### TASK DETAILS
When you repeat the listing below, keep every word exactly and leave out each picture.

### RECORDS PROVIDED
---*---

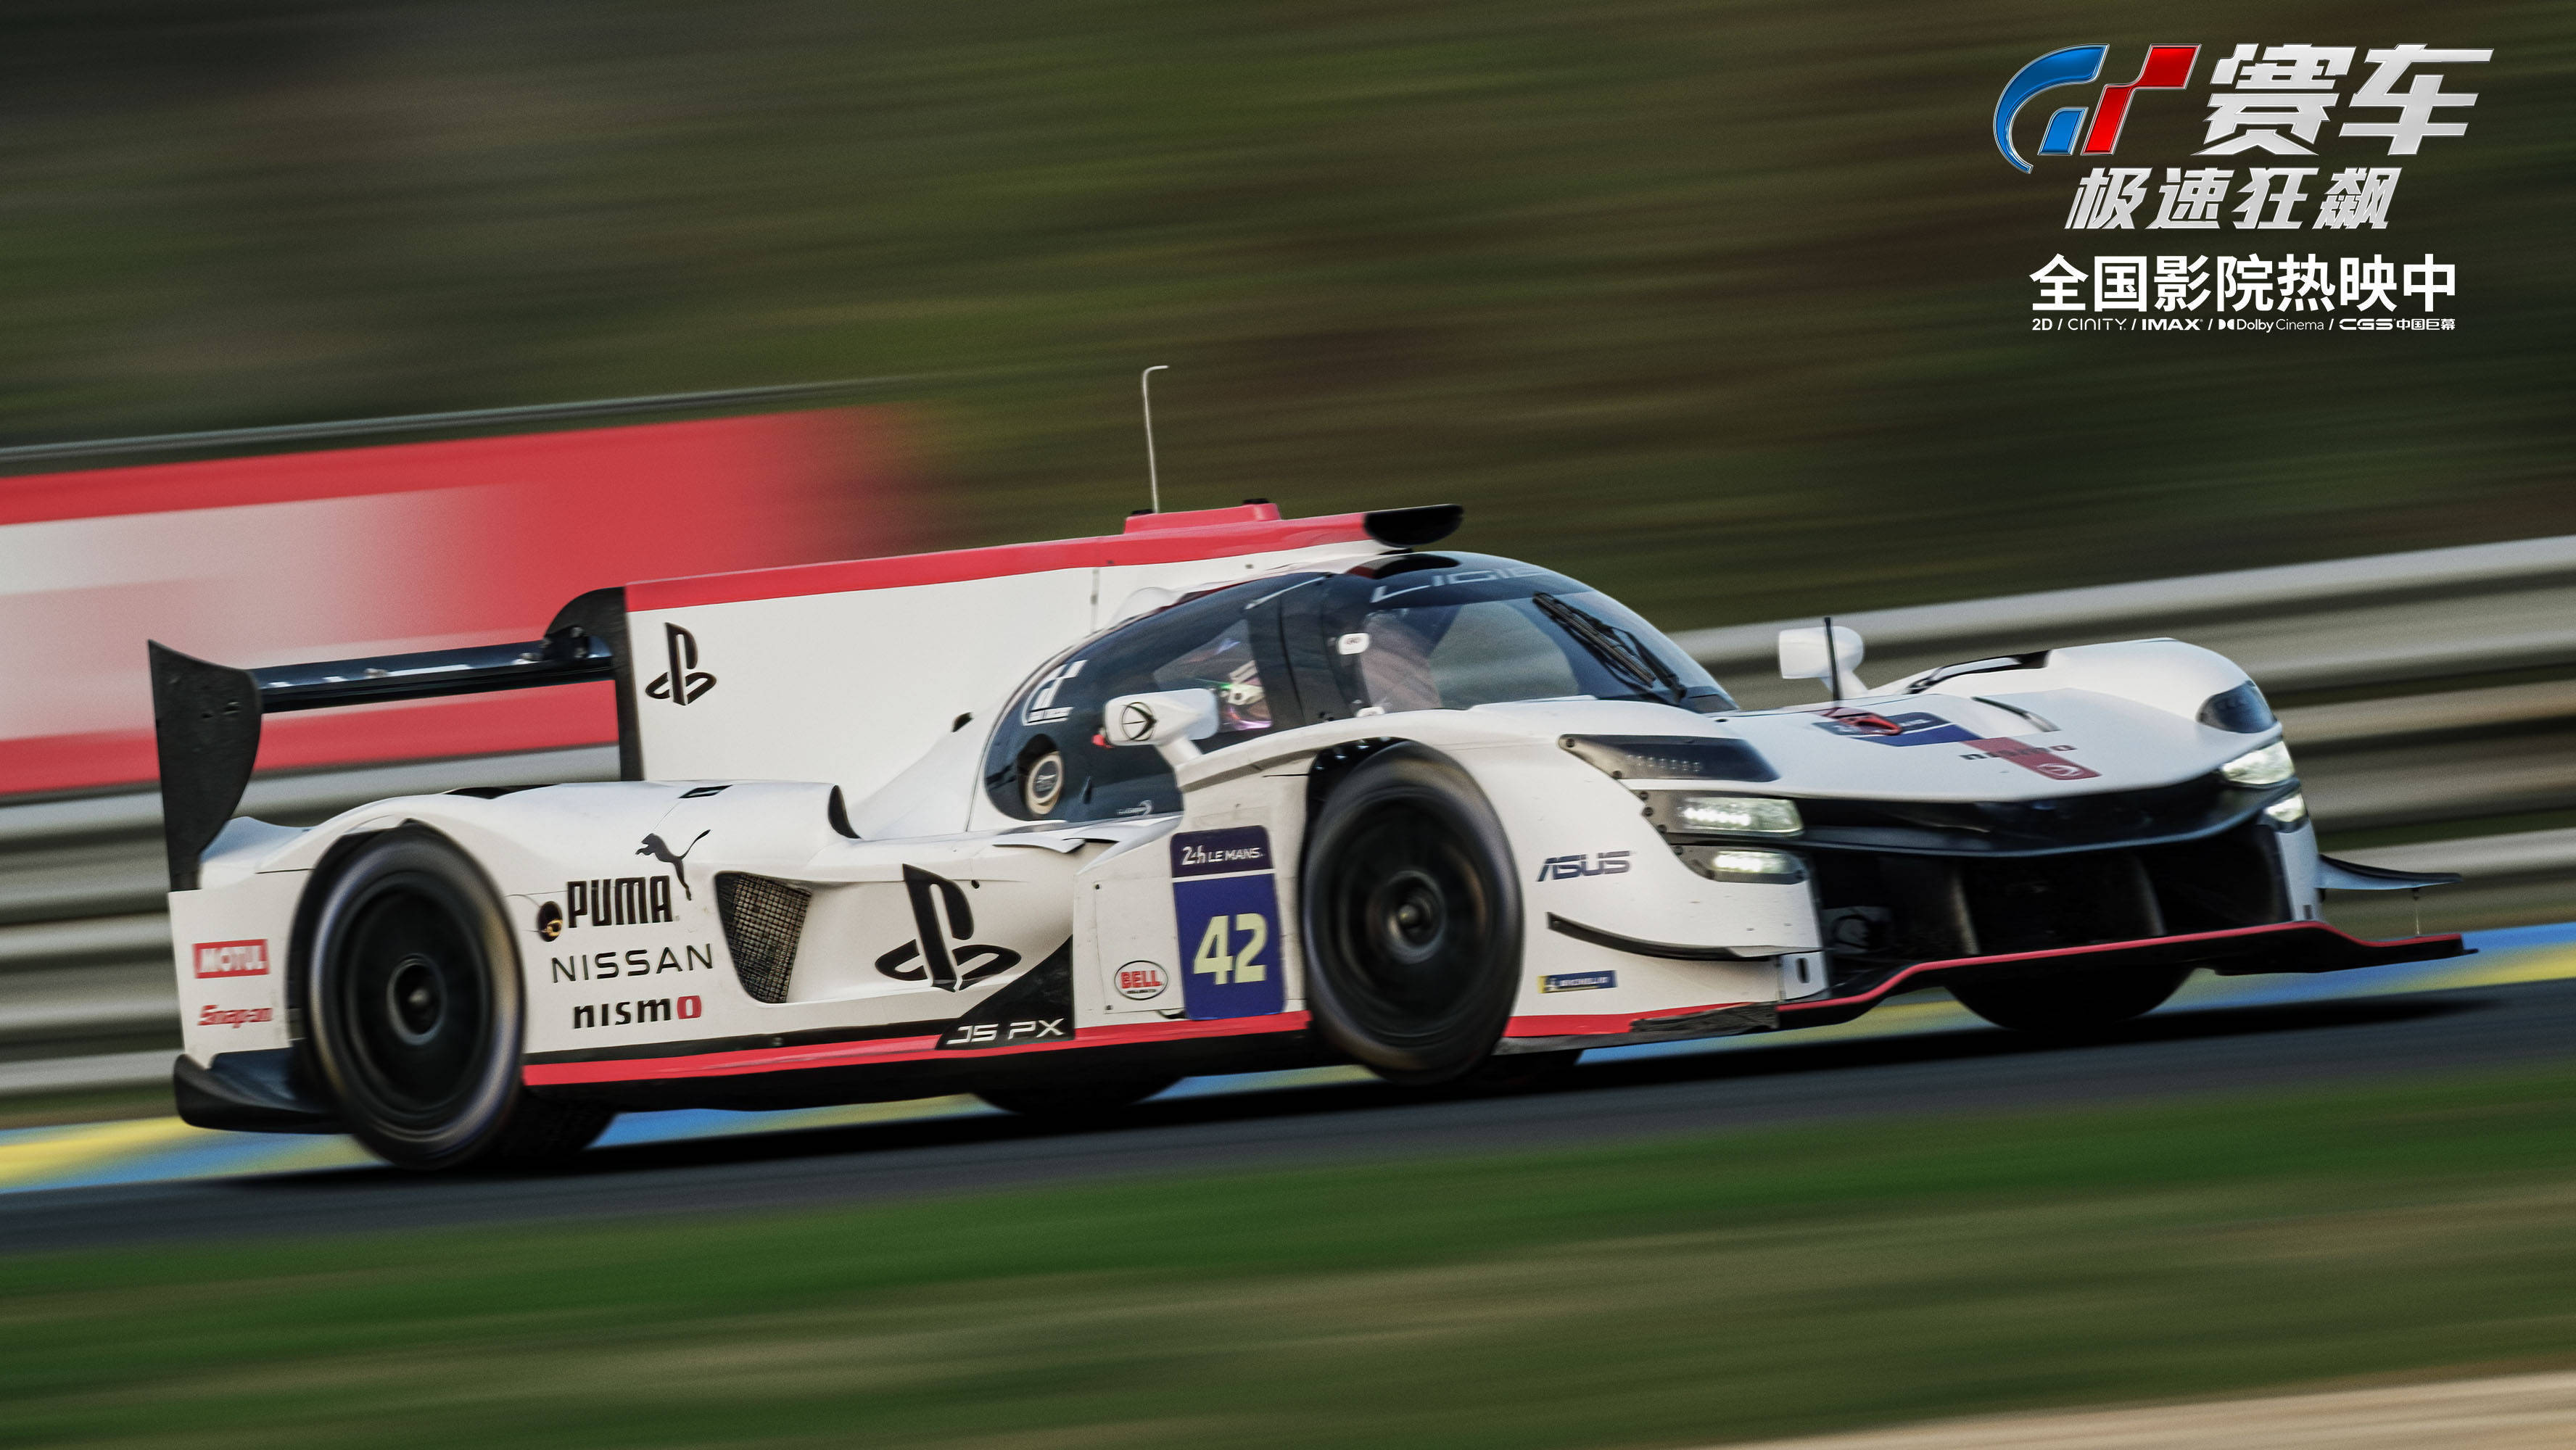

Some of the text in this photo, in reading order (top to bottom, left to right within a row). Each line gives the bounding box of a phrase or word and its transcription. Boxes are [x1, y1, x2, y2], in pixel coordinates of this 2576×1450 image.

[1208, 850, 1224, 863] LE
[1536, 850, 1631, 882] ASUS
[566, 875, 674, 929] PUMA
[551, 942, 714, 984] NISSAN
[1193, 913, 1268, 985] 42
[1120, 970, 1163, 989] BELL
[573, 995, 702, 1030] nismo
[946, 1017, 1065, 1045] JS PX

---*---

### WRITTEN RESPONSE
Some of the text in this photo, in reading order (top to bottom, left to right within a row). Each line gives the bounding box of a phrase or word and its transcription. Boxes are [x1, y1, x2, y2], in pixel coordinates of this 2576×1450 image.

[1208, 850, 1224, 863] LE
[1536, 850, 1631, 882] ASUS
[566, 875, 674, 929] PUMA
[551, 942, 714, 984] NISSAN
[1193, 913, 1268, 985] 42
[1120, 970, 1163, 989] BELL
[573, 995, 702, 1030] nismo
[946, 1017, 1065, 1045] JS PX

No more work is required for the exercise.